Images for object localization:
************

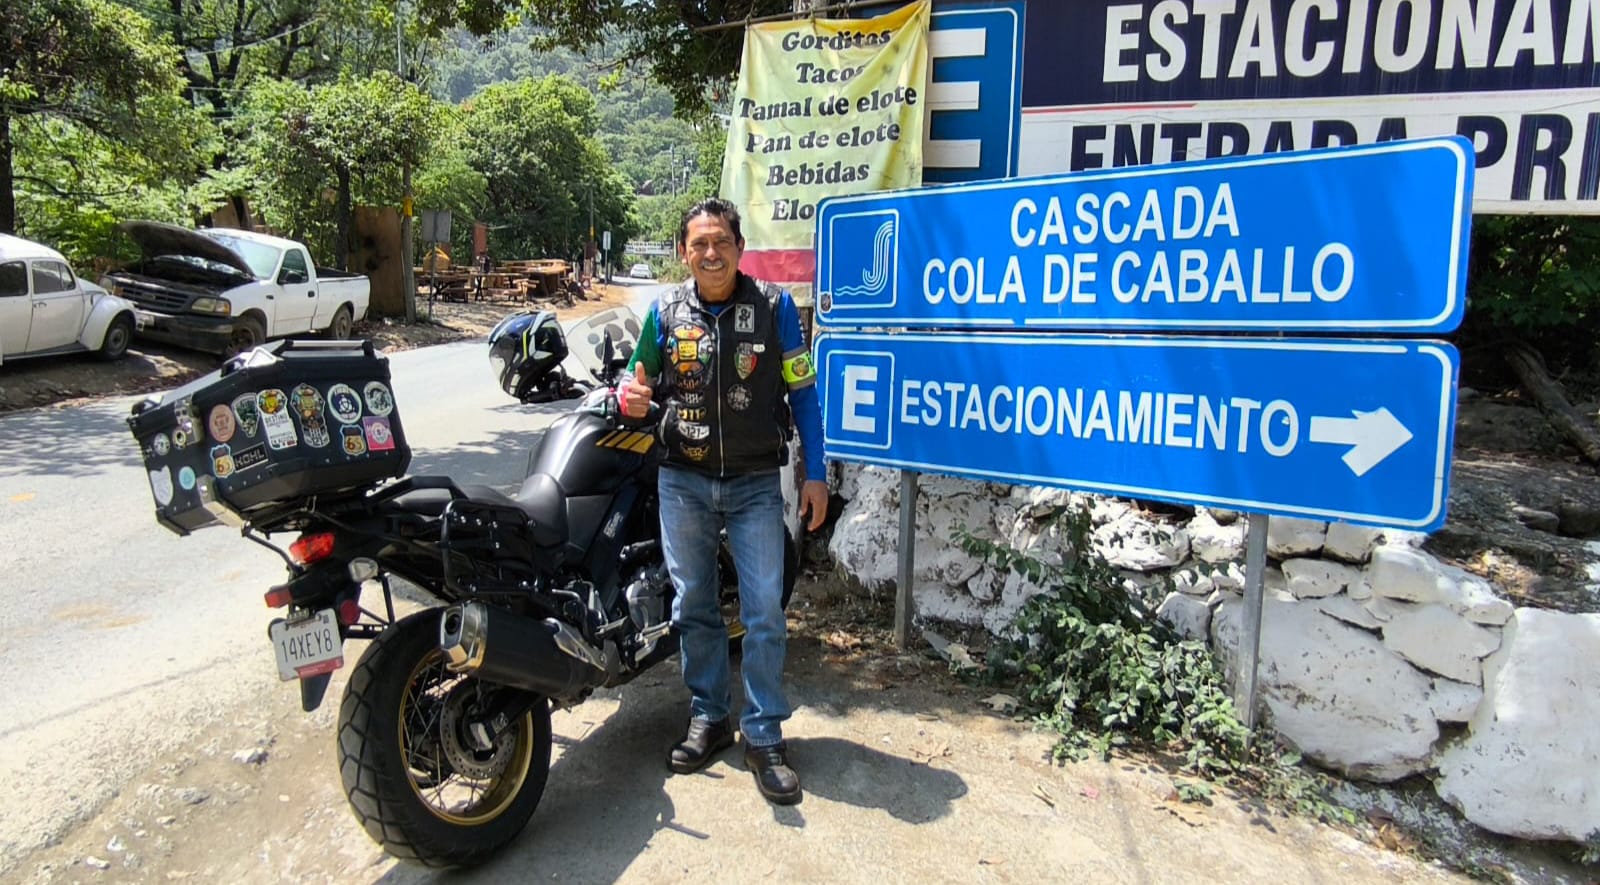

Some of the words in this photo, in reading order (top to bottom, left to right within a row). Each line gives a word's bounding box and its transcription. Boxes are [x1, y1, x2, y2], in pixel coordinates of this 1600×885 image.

[782, 29, 891, 51] Gorditas
[739, 98, 812, 120] Tamal
[818, 96, 849, 116] de
[857, 86, 917, 112] elote
[745, 132, 791, 153] Pan
[799, 131, 829, 149] de
[836, 123, 900, 147] elote
[766, 161, 870, 186] Bebidas
[1010, 183, 1240, 247] CASCADA
[922, 256, 1025, 305] COLA
[1043, 253, 1097, 303] DE
[1111, 242, 1354, 303] CABALLO
[842, 365, 877, 433] E
[901, 381, 1299, 456] ESTACIONAMIENTO
[281, 629, 332, 662] 14XEY8
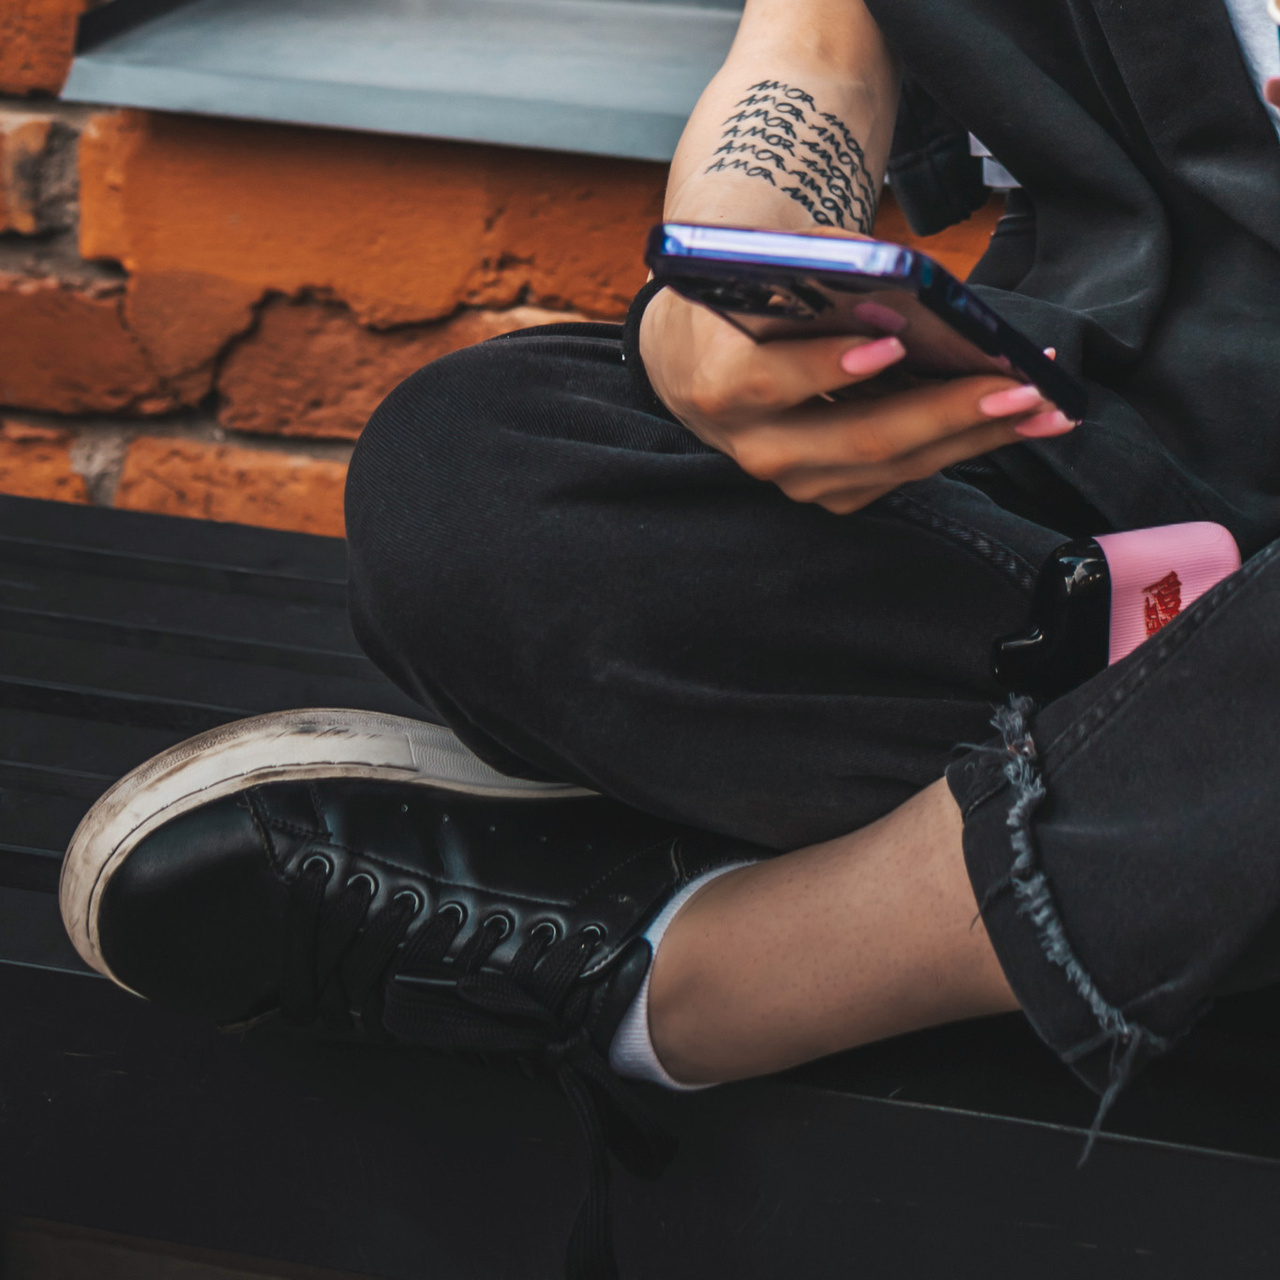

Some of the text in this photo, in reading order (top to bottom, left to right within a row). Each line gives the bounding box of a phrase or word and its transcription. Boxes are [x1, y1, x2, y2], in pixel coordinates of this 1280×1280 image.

************

**Problem to solve:** When you write out the data, keep every line exact and drop the pictures.

**Exercise result:**
Some of the words in this photo, in reading order (top to bottom, left to right within a row). Each line gives a word's bounding box and its transcription. Boxes are [x1, y1, x2, y2], in pixel coordinates of this 1600×885 image.

[782, 29, 891, 51] Gorditas
[739, 98, 812, 120] Tamal
[818, 96, 849, 116] de
[857, 86, 917, 112] elote
[745, 132, 791, 153] Pan
[799, 131, 829, 149] de
[836, 123, 900, 147] elote
[766, 161, 870, 186] Bebidas
[1010, 183, 1240, 247] CASCADA
[922, 256, 1025, 305] COLA
[1043, 253, 1097, 303] DE
[1111, 242, 1354, 303] CABALLO
[842, 365, 877, 433] E
[901, 381, 1299, 456] ESTACIONAMIENTO
[281, 629, 332, 662] 14XEY8

Some of the text in this photo, in reading order (top to bottom, left to right within a row). Each line gives the bounding box of a phrase or word and its transcription. Boxes are [x1, y1, x2, y2], in pixel coordinates of this 1280×1280 image.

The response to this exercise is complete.